Sexting the new trend in town

She said she was Latishia, 16. Regardless of her age she would easily camouflage amidst a group of women.

Latishia was sitting next to me in a public transport vehicle when we struck a conversation. Here we were; travelling in a 14-seater filled with high school students – travelling back to Nairobi after end term – but myself.


Throughout the journey, from Machakos town, Latishia and her girlfriends churned through conversation after conversation. All – or most – revolved around boys and sex.

A breakfast show on radio, riding roughshod over conservative opinion, discussing bedroom innuendo, seemed to egg them along.


The girls squirm and shrieked with excitement every time a lewd lyric played.

'The folly of youth,' a thought crossed my mind.

Among them, one could sense, they shared a sisterhood bond as they discussed, with daylight openness, boy crushes and boyfriends.

"Look," one said, drawing the attention of the others, "this is the message he sent me before that Friday."

In turns, the girls shared their WhatsApp messages: streams of communication with love interests.

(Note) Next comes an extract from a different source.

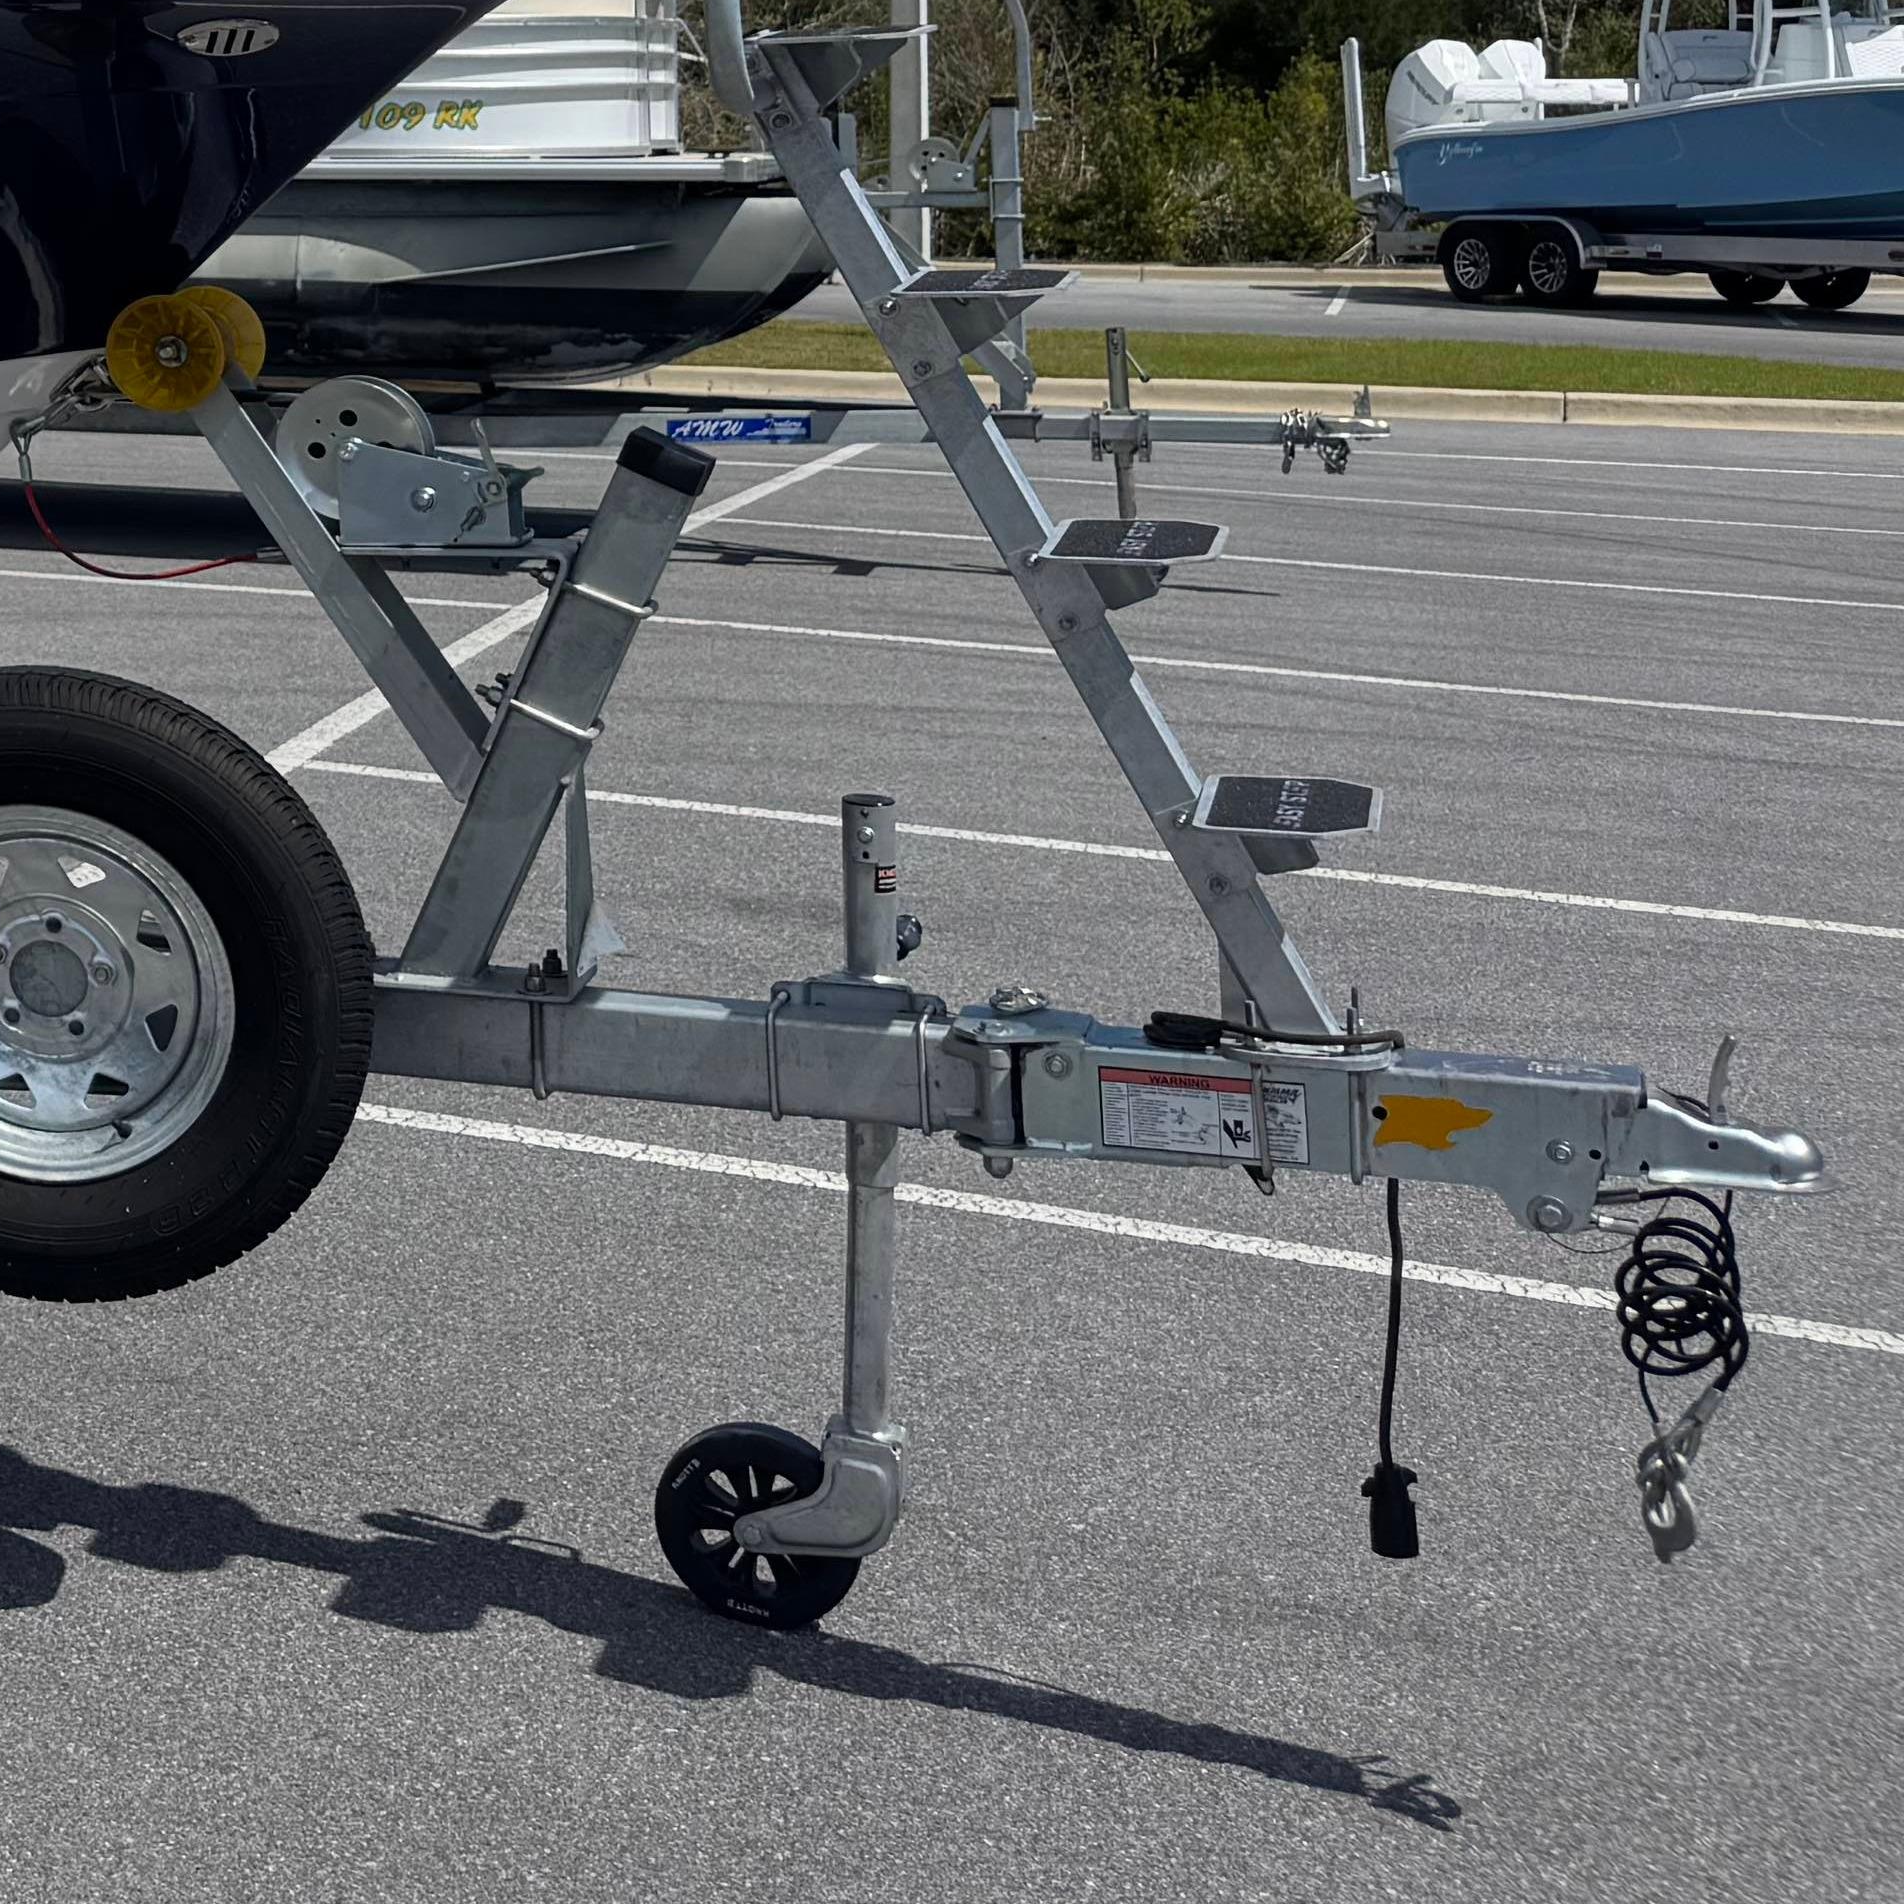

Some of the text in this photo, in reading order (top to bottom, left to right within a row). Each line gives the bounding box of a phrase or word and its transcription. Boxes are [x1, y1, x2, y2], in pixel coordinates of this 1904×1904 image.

Then, probably by mistake, a video with a voice calling for quick ravisher began playing from one girl's phone as she fidgeted to press Stop, attracting cheers from her colleagues.

"Let us see," one called out.

"No. You were not supposed to see that," the girl pushed back.

"Is that what you sent him Girl, you are bad!" another one said, crackling in owe.

It is as the frenzy calmed down that I asked Latishia [whether it was a real name or not I couldn't tell] why the whole group seemed enraptured in fun.

"This is just normal for us," she said. "There's nothing much to it."

"And, are you guys allowed by school authorities to have smartphones," I ask, before she could declare me boring.

"It is a boarding school: how else are we supposed to keep in touch with people" back comes her reply.

A smartphone, in the hands of a young person, is a conduit for communication – even outside normal paradigm. For bourgeois Latishia, and her friends, they're guaranteed unfettered use of mobile phones.

The journey from Machakos was not the first time this writer came across a raucous group of high school students pandering to sexual innuendo with reckless abandon.

A study showing that sexting – sending or receiving of sexually explicit messages, photographs or images primarily through the mobile phone – has driven risky sexual behaviour to an all-time-high among students in Kenya was published two months ago.

"The pace, frequency and impact of sexting on the children's lives is mind boggling. It is a time bomb in our hands," Stephen Asatsa, the principle investigator on the study, told our journalist.

According to the study, by the department of psychology at Catholic University of Eastern Africa (CUEA), 98 per cent of secondary school students in Nairobi County engage in sexting.

The study further finds a correlation between sexting and risky sexual behaviour; concluding that 65 per cent of students who sext daily frequently masturbate; 62 per cent have multiple sexual partners; 40 per cent consume pornographic material and 30 per cent have frequent sexual intercourse.

In contrast, only five per cent of the students who don't sext masturbate. One per cent have sex with more than one person; a similar number have frequent sexual intercourse and only two per cent indulge pornographic material.